→ EXERCISE GOAL
Every entry should be copied exactly, with nothing added or dropped.

____

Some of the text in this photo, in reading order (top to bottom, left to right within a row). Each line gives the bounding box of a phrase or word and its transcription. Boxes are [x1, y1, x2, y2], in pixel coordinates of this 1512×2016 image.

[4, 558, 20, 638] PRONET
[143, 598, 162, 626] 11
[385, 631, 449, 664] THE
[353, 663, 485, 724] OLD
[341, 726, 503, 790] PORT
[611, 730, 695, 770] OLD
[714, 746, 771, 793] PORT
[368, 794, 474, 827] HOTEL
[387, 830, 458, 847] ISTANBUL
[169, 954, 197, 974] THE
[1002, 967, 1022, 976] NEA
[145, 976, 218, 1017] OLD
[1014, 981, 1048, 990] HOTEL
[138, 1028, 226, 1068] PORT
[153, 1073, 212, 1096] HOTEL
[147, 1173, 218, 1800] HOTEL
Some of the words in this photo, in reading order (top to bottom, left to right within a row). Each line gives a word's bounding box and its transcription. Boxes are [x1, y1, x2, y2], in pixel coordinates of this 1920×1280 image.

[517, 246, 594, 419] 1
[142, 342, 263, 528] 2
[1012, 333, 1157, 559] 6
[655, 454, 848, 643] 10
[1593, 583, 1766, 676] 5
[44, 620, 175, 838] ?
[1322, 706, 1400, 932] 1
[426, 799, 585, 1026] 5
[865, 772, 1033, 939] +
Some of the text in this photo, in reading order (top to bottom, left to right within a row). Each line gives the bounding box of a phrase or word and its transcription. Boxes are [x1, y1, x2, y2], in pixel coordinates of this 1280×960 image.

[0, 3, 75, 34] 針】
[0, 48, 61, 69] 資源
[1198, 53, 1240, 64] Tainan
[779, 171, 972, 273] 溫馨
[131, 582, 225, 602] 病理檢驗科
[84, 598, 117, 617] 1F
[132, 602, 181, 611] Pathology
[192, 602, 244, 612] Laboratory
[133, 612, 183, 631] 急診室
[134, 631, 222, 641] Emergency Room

____

→ RESPONSE
Some of the text in this photo, in reading order (top to bottom, left to right within a row). Each line gives the bounding box of a phrase or word and its transcription. Boxes are [x1, y1, x2, y2], in pixel coordinates of this 1512×2016 image.

[4, 558, 20, 638] PRONET
[143, 598, 162, 626] 11
[385, 631, 449, 664] THE
[353, 663, 485, 724] OLD
[341, 726, 503, 790] PORT
[611, 730, 695, 770] OLD
[714, 746, 771, 793] PORT
[368, 794, 474, 827] HOTEL
[387, 830, 458, 847] ISTANBUL
[169, 954, 197, 974] THE
[1002, 967, 1022, 976] NEA
[145, 976, 218, 1017] OLD
[1014, 981, 1048, 990] HOTEL
[138, 1028, 226, 1068] PORT
[153, 1073, 212, 1096] HOTEL
[147, 1173, 218, 1800] HOTEL
Some of the words in this photo, in reading order (top to bottom, left to right within a row). Each line gives a word's bounding box and its transcription. Boxes are [x1, y1, x2, y2], in pixel coordinates of this 1920×1280 image.

[517, 246, 594, 419] 1
[142, 342, 263, 528] 2
[1012, 333, 1157, 559] 6
[655, 454, 848, 643] 10
[1593, 583, 1766, 676] 5
[44, 620, 175, 838] ?
[1322, 706, 1400, 932] 1
[426, 799, 585, 1026] 5
[865, 772, 1033, 939] +
Some of the text in this photo, in reading order (top to bottom, left to right within a row). Each line gives the bounding box of a phrase or word and its transcription. Boxes are [x1, y1, x2, y2], in pixel coordinates of this 1280×960 image.

[0, 3, 75, 34] 針】
[0, 48, 61, 69] 資源
[1198, 53, 1240, 64] Tainan
[779, 171, 972, 273] 溫馨
[131, 582, 225, 602] 病理檢驗科
[84, 598, 117, 617] 1F
[132, 602, 181, 611] Pathology
[192, 602, 244, 612] Laboratory
[133, 612, 183, 631] 急診室
[134, 631, 222, 641] Emergency Room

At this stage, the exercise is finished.